**How to complete this task**. Return all of the data below verbatim and exclude every picture.

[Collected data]
----------------

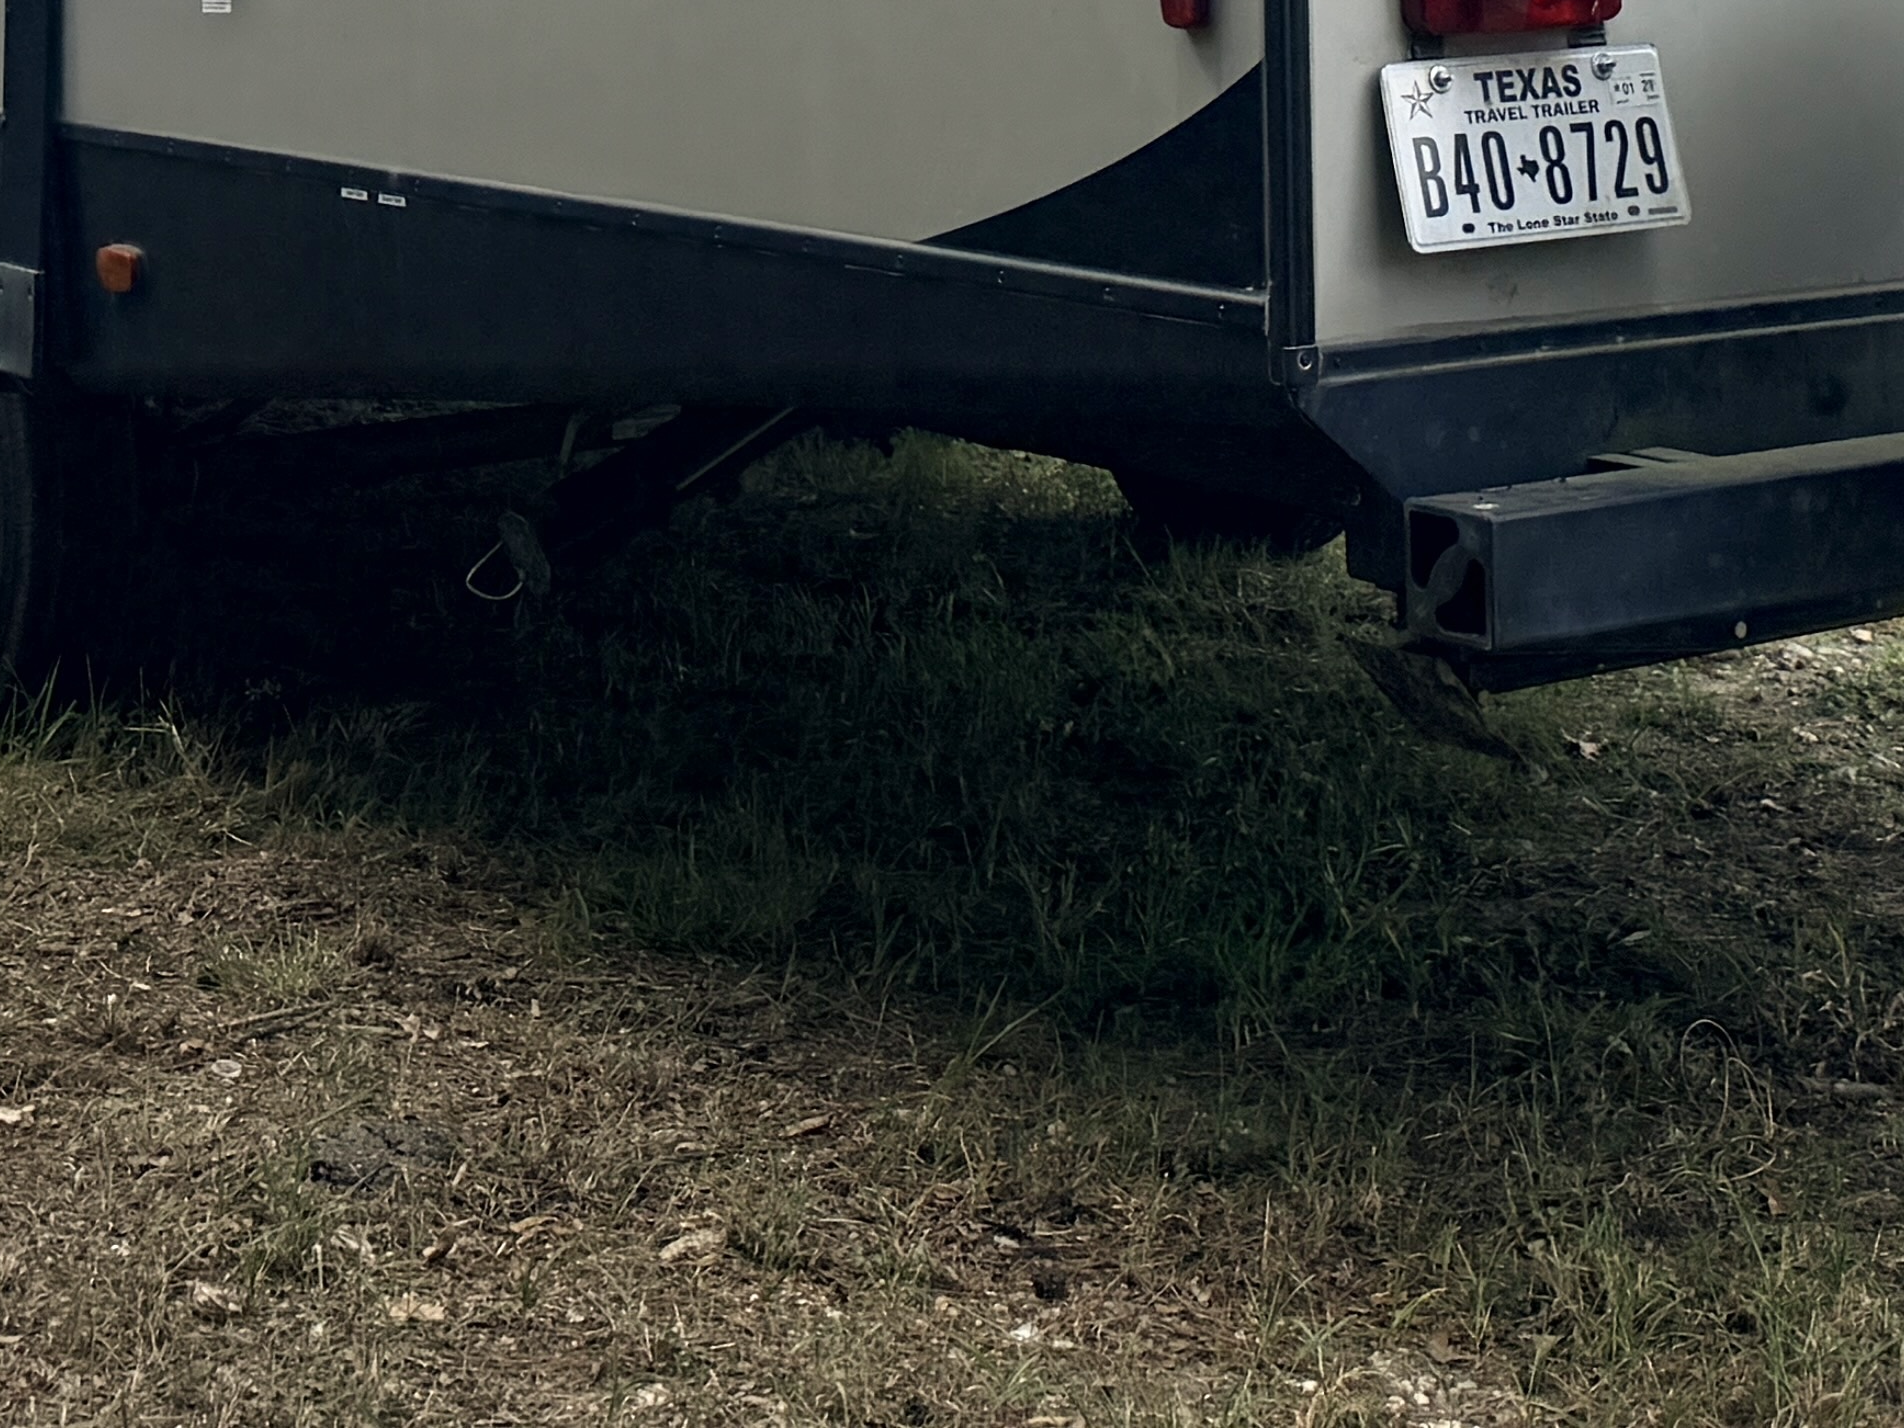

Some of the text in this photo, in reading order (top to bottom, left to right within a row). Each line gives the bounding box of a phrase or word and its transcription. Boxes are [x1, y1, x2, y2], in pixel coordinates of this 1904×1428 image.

[1473, 64, 1582, 105] TEXAS
[1464, 99, 1600, 124] TRAVEL TRAILER
[1487, 210, 1618, 234] The Lone Star State
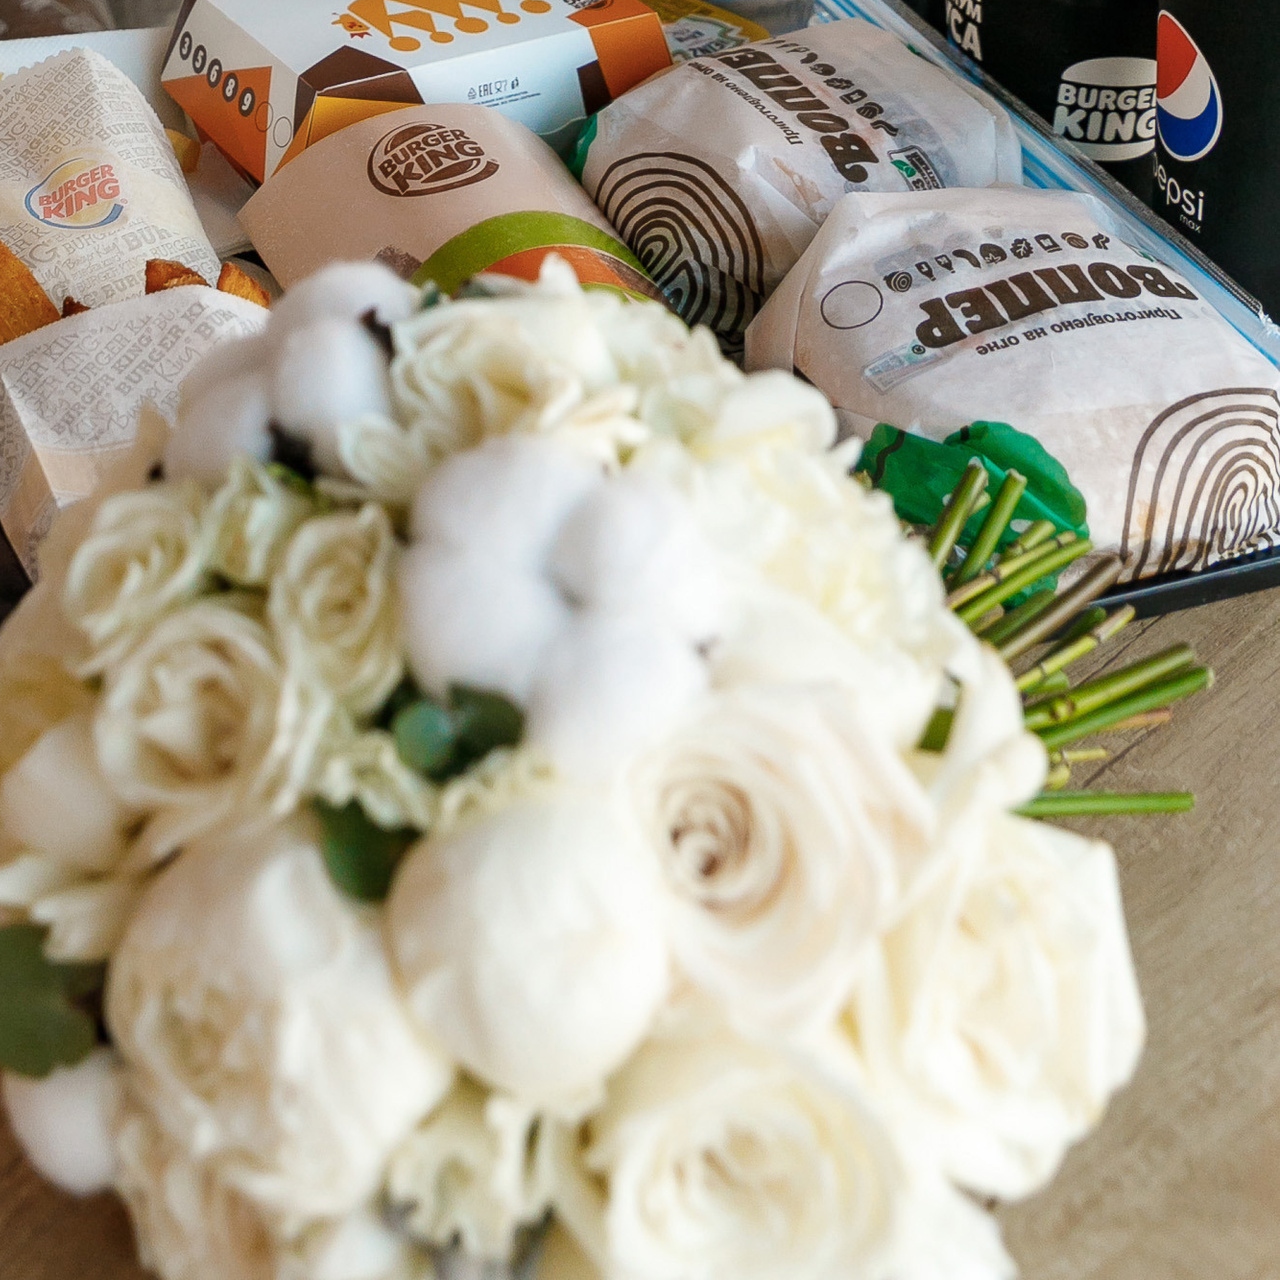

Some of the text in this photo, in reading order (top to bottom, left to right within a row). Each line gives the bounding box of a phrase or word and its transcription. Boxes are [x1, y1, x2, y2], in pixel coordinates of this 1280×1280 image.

[25, 55, 85, 113] BURGER
[58, 81, 98, 118] KING
[711, 72, 728, 85] на
[22, 96, 66, 142] BURGER
[65, 70, 93, 97] KING
[49, 103, 106, 155] BURGER
[51, 96, 97, 139] BURGER
[711, 47, 879, 183] ВОППЕ
[726, 82, 803, 146] Приготовлено
[1053, 105, 1156, 142] KING
[378, 129, 470, 179] BURGER
[392, 140, 485, 193] KING
[39, 164, 115, 206] BURGER
[43, 178, 121, 219] KING
[1154, 152, 1205, 222] epsi
[1179, 214, 1201, 233] max
[915, 262, 1200, 349] ВОППЕР
[55, 331, 101, 376] KING
[110, 331, 153, 374] KING
[975, 308, 1183, 355] Приготовлено на огне
[65, 332, 130, 395] BURGER
[115, 323, 185, 396] BURGER

----------------

**Answer to this problem**.
Some of the text in this photo, in reading order (top to bottom, left to right within a row). Each line gives the bounding box of a phrase or word and its transcription. Boxes are [x1, y1, x2, y2], in pixel coordinates of this 1904×1428 image.

[1473, 64, 1582, 105] TEXAS
[1464, 99, 1600, 124] TRAVEL TRAILER
[1487, 210, 1618, 234] The Lone Star State

Some of the text in this photo, in reading order (top to bottom, left to right within a row). Each line gives the bounding box of a phrase or word and its transcription. Boxes are [x1, y1, x2, y2], in pixel coordinates of this 1280×1280 image.

[25, 55, 85, 113] BURGER
[58, 81, 98, 118] KING
[711, 72, 728, 85] на
[22, 96, 66, 142] BURGER
[65, 70, 93, 97] KING
[49, 103, 106, 155] BURGER
[51, 96, 97, 139] BURGER
[711, 47, 879, 183] ВОППЕ
[726, 82, 803, 146] Приготовлено
[1053, 105, 1156, 142] KING
[378, 129, 470, 179] BURGER
[392, 140, 485, 193] KING
[39, 164, 115, 206] BURGER
[43, 178, 121, 219] KING
[1154, 152, 1205, 222] epsi
[1179, 214, 1201, 233] max
[915, 262, 1200, 349] ВОППЕР
[55, 331, 101, 376] KING
[110, 331, 153, 374] KING
[975, 308, 1183, 355] Приготовлено на огне
[65, 332, 130, 395] BURGER
[115, 323, 185, 396] BURGER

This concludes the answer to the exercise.